--- GIVEN RECORDS ---

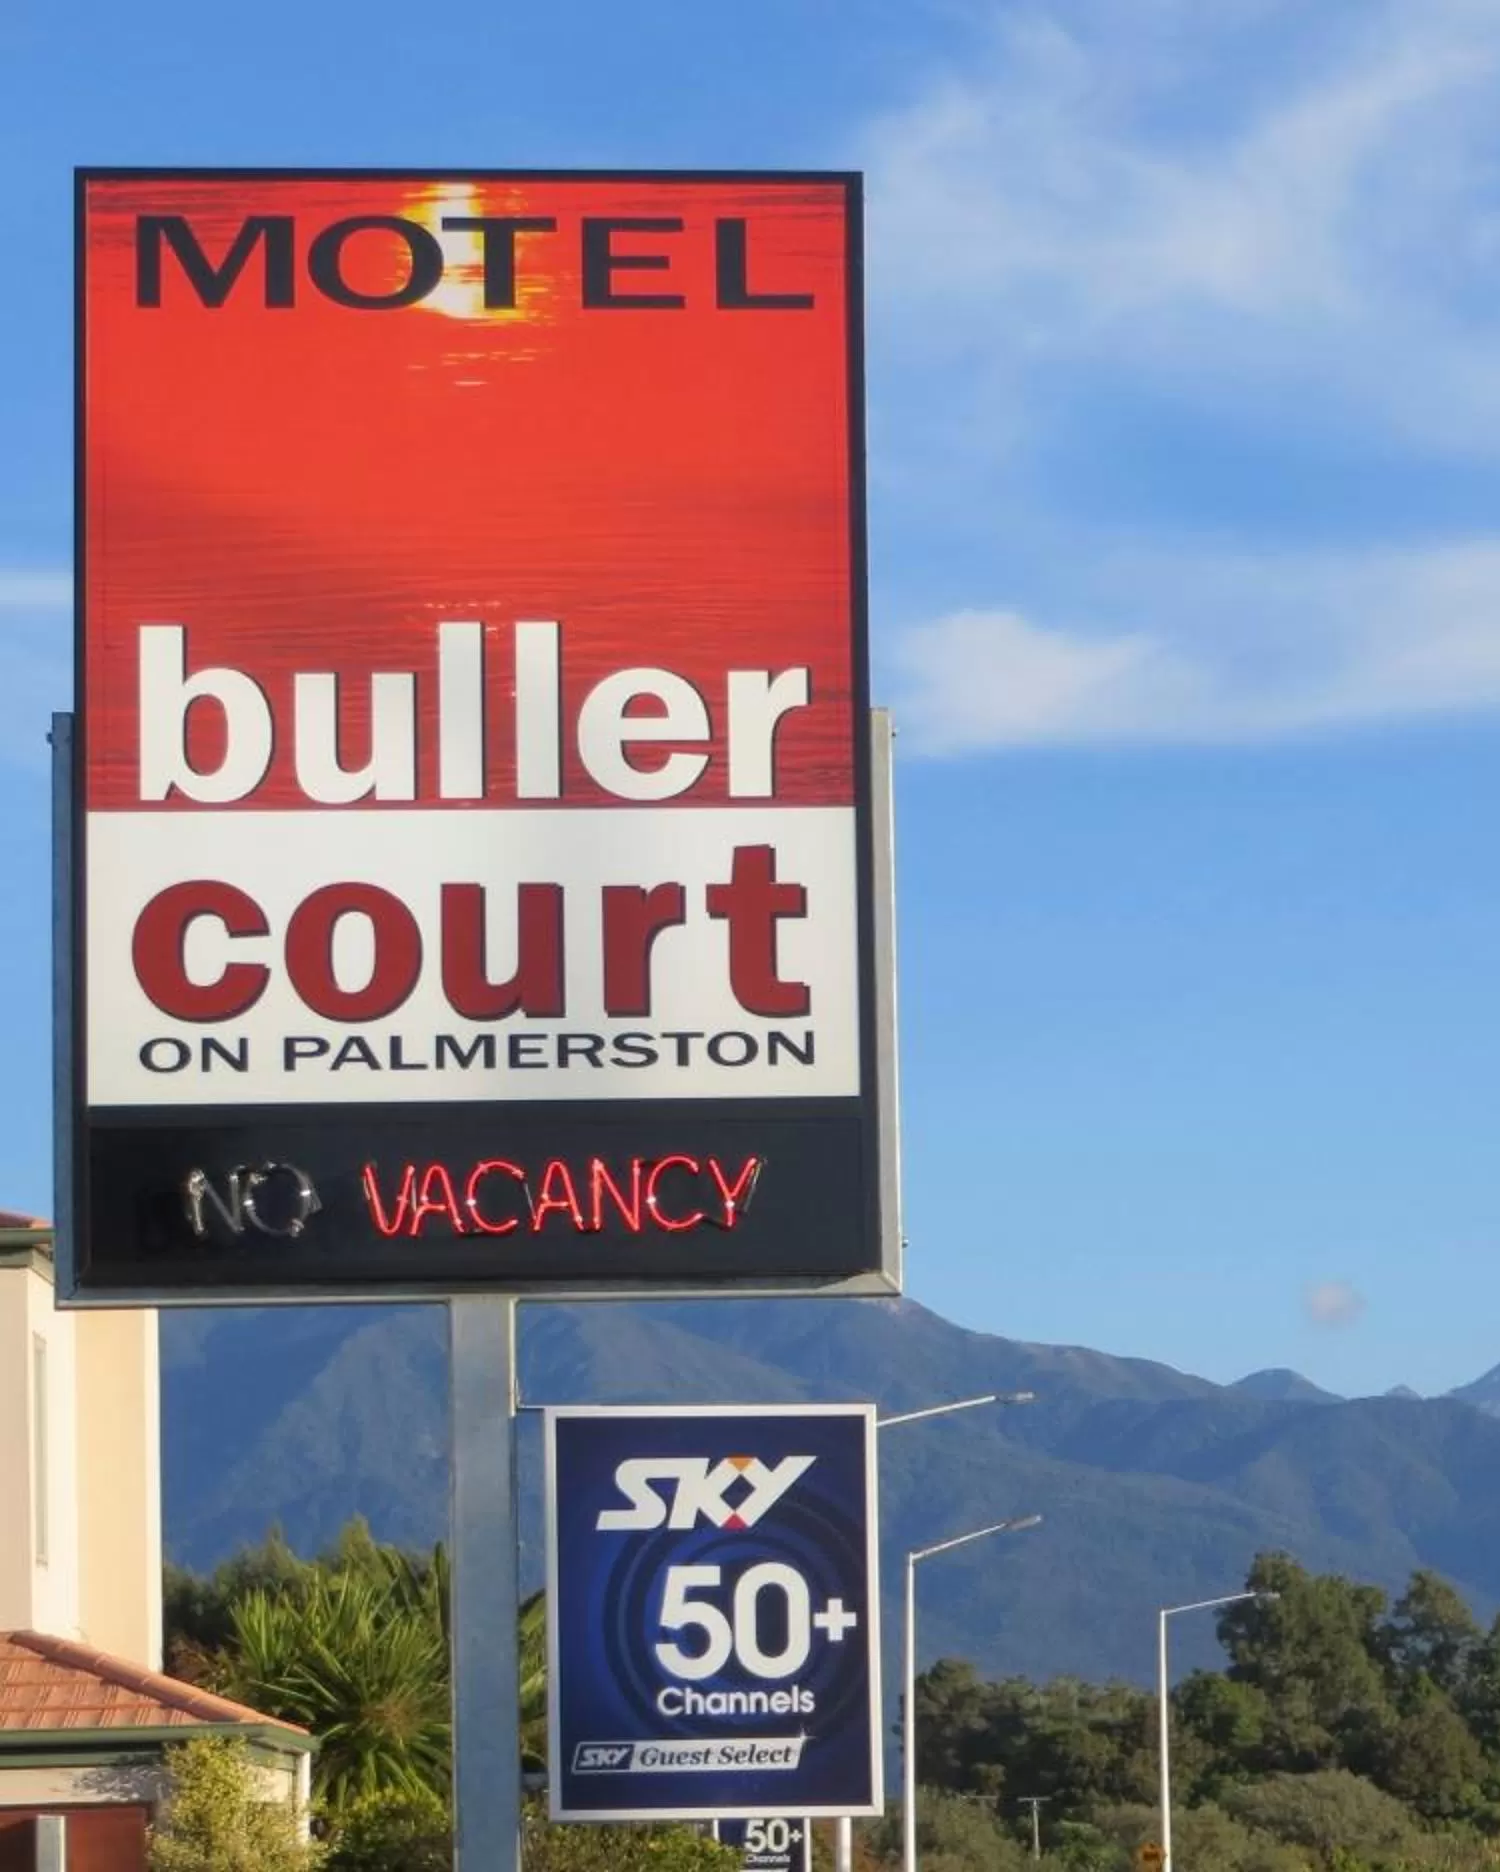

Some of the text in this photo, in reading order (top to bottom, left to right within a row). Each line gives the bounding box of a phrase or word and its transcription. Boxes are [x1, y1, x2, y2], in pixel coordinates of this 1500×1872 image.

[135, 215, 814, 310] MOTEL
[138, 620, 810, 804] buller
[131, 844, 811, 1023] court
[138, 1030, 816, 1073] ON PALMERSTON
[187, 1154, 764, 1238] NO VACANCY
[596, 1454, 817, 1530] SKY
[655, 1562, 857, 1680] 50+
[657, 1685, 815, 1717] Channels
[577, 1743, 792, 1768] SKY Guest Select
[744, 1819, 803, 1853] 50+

---

* _TASK INSTRUCTIONS_
Since the copy must hold no pictures, repeat everything else in the records exactly as written.

* _COMPLETED TASK_
Some of the text in this photo, in reading order (top to bottom, left to right within a row). Each line gives the bounding box of a phrase or word and its transcription. Boxes are [x1, y1, x2, y2], in pixel coordinates of this 1500×1872 image.

[135, 215, 814, 310] MOTEL
[138, 620, 810, 804] buller
[131, 844, 811, 1023] court
[138, 1030, 816, 1073] ON PALMERSTON
[187, 1154, 764, 1238] NO VACANCY
[596, 1454, 817, 1530] SKY
[655, 1562, 857, 1680] 50+
[657, 1685, 815, 1717] Channels
[577, 1743, 792, 1768] SKY Guest Select
[744, 1819, 803, 1853] 50+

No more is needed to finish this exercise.